It is temporarily suspended in nondividing resting cells (e.g., peripheral lymphocytes),
which are in the Go state. Such cells may reenter the cycle and begin to divide again.
It is permanently interrupted in differentiated cells that do not divide (e.g., cardiac
muscle cells and neurons).
Two major periods, interphase (interval between cell divisions) and mitosis (M phase, the
period of cell division) compose the cell cycle.
Interphase is considerably longer than the M phase and is the period during which the cell
doubles in size and DNA content.
1) Interphase is divided into three separate phases (G1, S, and G2), during which specific
cellular functions occur.
1. G1 phase: The GI phase is the gap of time between mitosis (M phase) and DNA
synthesis (S phase). The GI phase is the phase where RNA, protein, and organelle
synthesis occurs. The G, phase lasts about 5 hours in a typical mammalian cell with a
16-hour cell cycle.
2. S phase (synthetic phase) :The S phase is the phase where DNA synthesis occurs. The
S phase lasts about 7 hours in a typical mammalian cell with a 16-hour cell cycle.

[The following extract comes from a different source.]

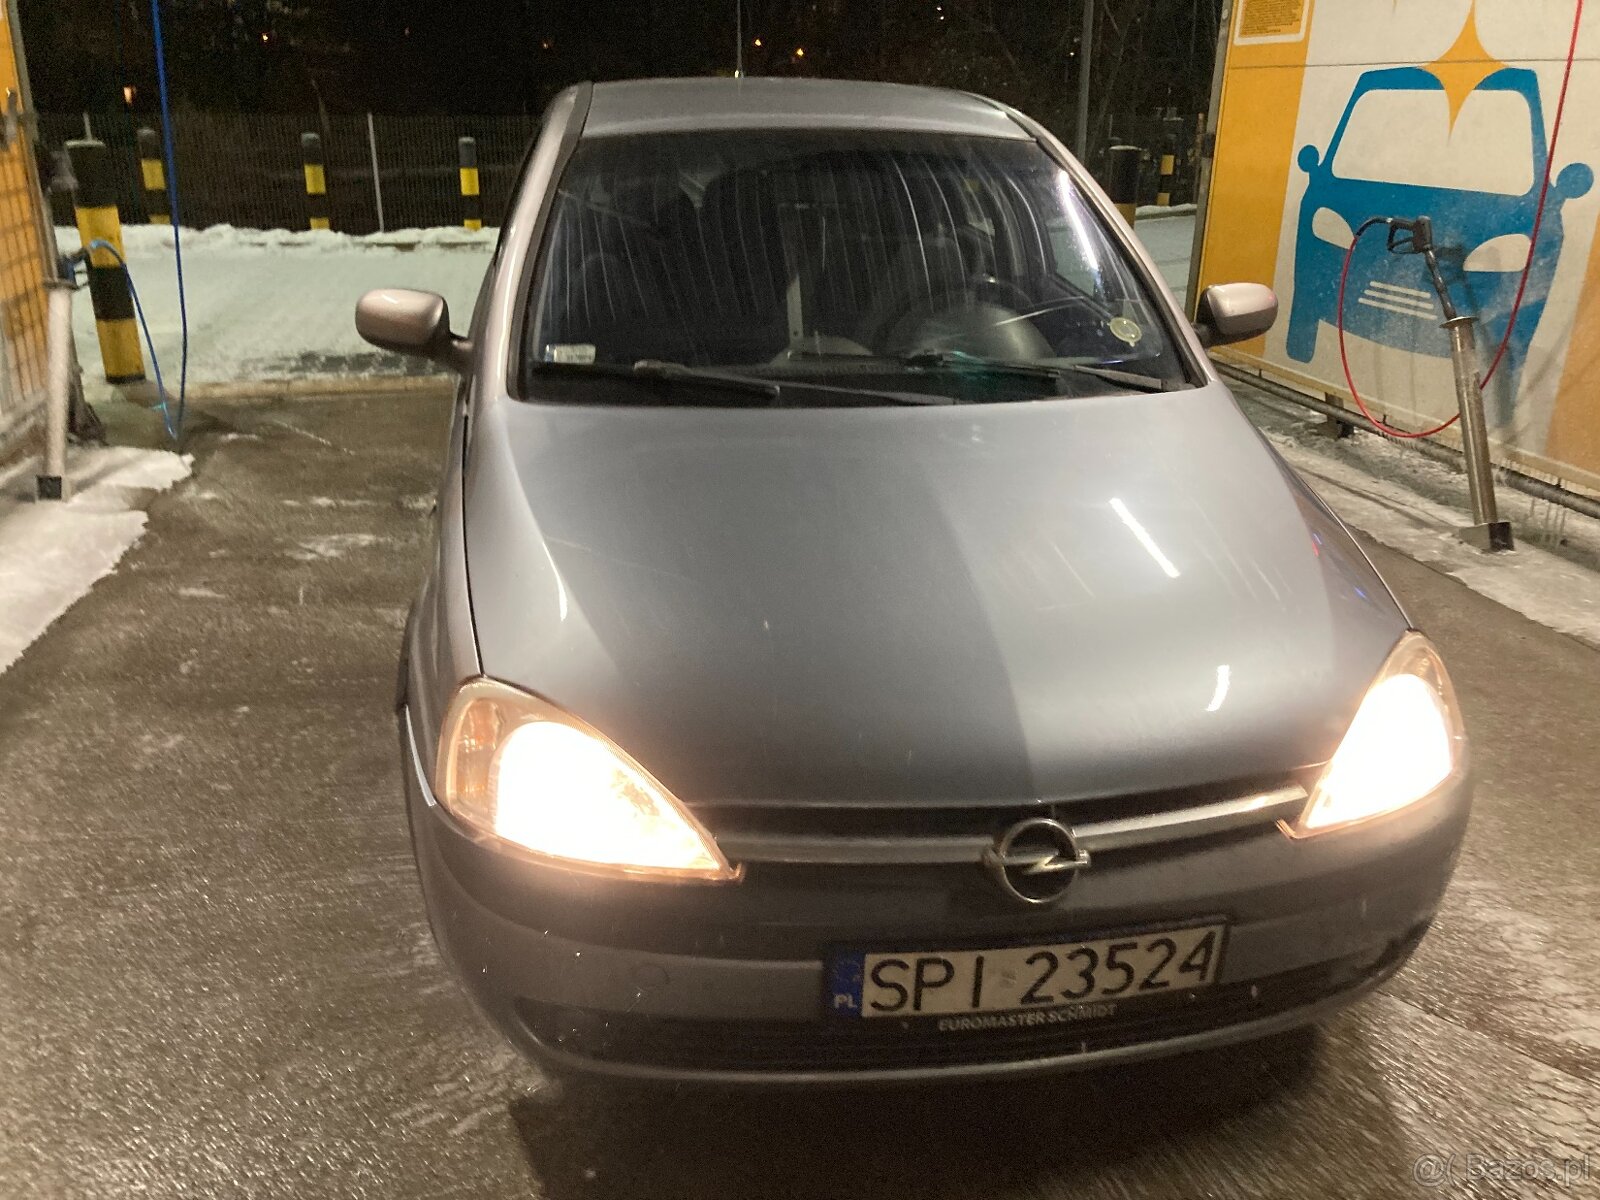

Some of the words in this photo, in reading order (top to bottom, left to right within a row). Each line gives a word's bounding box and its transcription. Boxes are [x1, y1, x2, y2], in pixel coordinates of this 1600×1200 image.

[870, 954, 985, 1012] SPI
[1019, 930, 1217, 1006] 23524
[834, 993, 858, 1009] PL
[938, 1011, 1045, 1032] EUROMASTER

3. G2 phase: The G2 phase is the gap of time between DNA synthesis (S phase) and
mitosis (M phase). The G2 phase is the phase where high levels of ATP synthesis
occur. The G2 phase lasts about 3 hours in a typical mammalian cell with a 16-hour cell
cycle.
2) Several control factors have been identified, including a category of proteins known as
cyclins as well as cyclin-dependent kinases (CDKs), which initiate and/or induce
progression through the cell cycle.
During G1 phase, cyclins D and E bind to their respective CDKs; these complexes
enable the cell to enter and advance through the S phase.
Cyclin A binds to its CDKs, thus enabling the cell to leave the S phase and enter
the G2 phase, and also to manufacture cyclin B.
Cyclin B binds to its CDK, inducing the cell to leave the G2 phase and enter the M
phase.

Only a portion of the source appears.